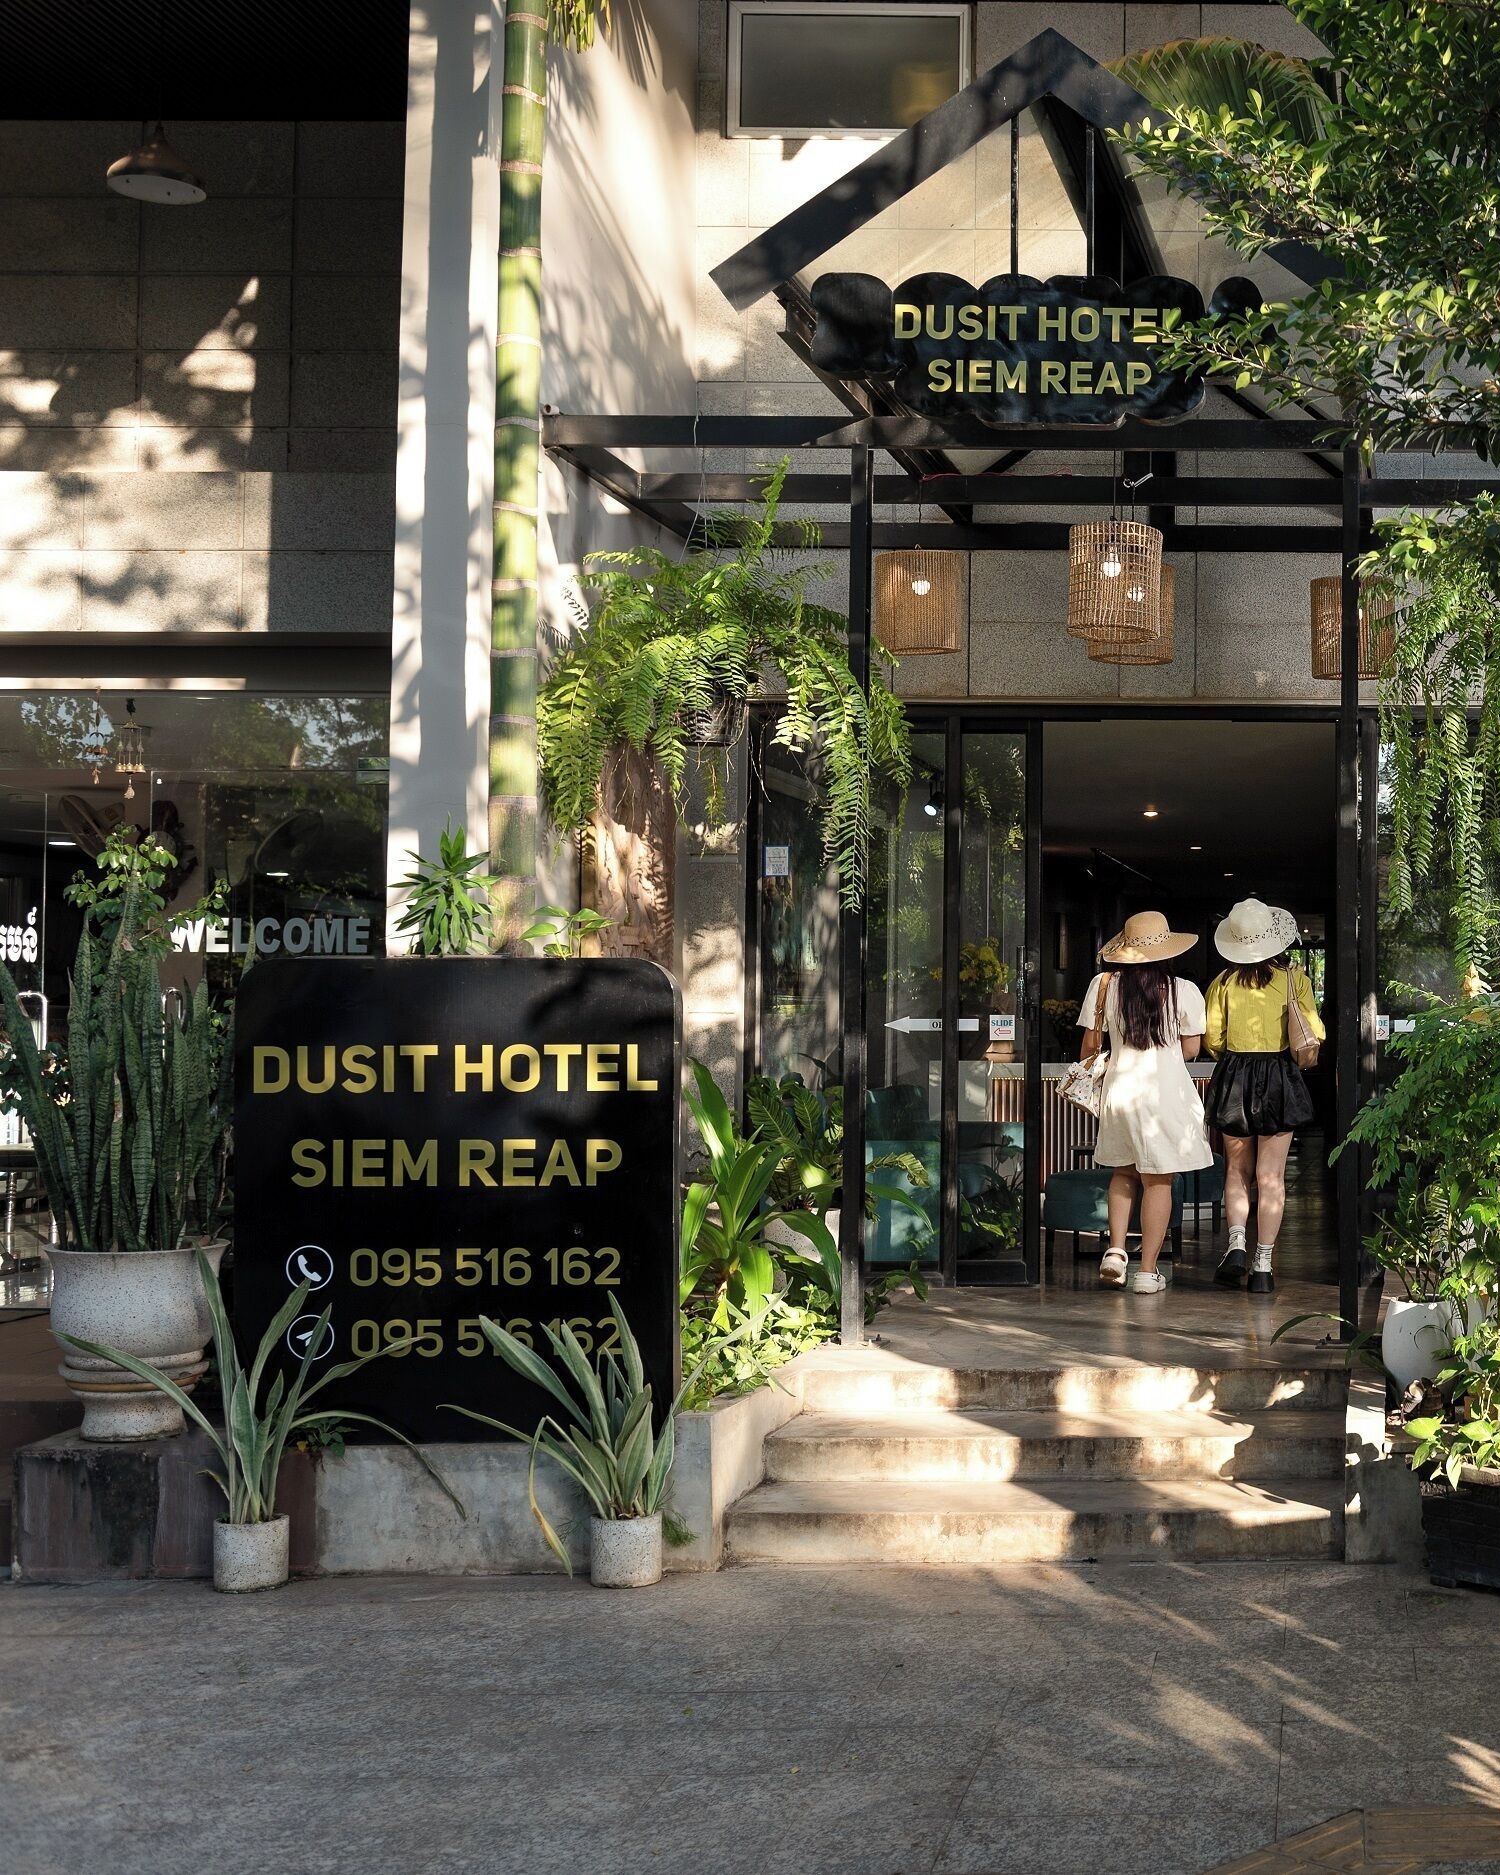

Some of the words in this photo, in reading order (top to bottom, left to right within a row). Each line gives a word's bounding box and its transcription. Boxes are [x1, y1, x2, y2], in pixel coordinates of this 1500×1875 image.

[894, 303, 1026, 341] DUSIT
[927, 359, 1027, 393] SIEM
[1040, 361, 1151, 395] REAP
[168, 917, 371, 953] WELCOME
[991, 1019, 1014, 1027] SLIDE
[252, 1045, 438, 1094] DUSIT
[454, 1043, 658, 1092] HOTEL
[290, 1139, 438, 1187] SIEM
[457, 1139, 623, 1187] REAP
[349, 1248, 442, 1287] 095
[455, 1247, 532, 1286] 516
[543, 1247, 621, 1285] 162
[351, 1319, 444, 1358] 095

.....

ASSIGNMENT =
Write out the data word for word. Any picture is to be skipped.

RESPONSE TO THE TASK =
Some of the words in this photo, in reading order (top to bottom, left to right within a row). Each line gives a word's bounding box and its transcription. Boxes are [x1, y1, x2, y2], in pixel coordinates of this 1500×1875 image.

[894, 303, 1026, 341] DUSIT
[927, 359, 1027, 393] SIEM
[1040, 361, 1151, 395] REAP
[168, 917, 371, 953] WELCOME
[991, 1019, 1014, 1027] SLIDE
[252, 1045, 438, 1094] DUSIT
[454, 1043, 658, 1092] HOTEL
[290, 1139, 438, 1187] SIEM
[457, 1139, 623, 1187] REAP
[349, 1248, 442, 1287] 095
[455, 1247, 532, 1286] 516
[543, 1247, 621, 1285] 162
[351, 1319, 444, 1358] 095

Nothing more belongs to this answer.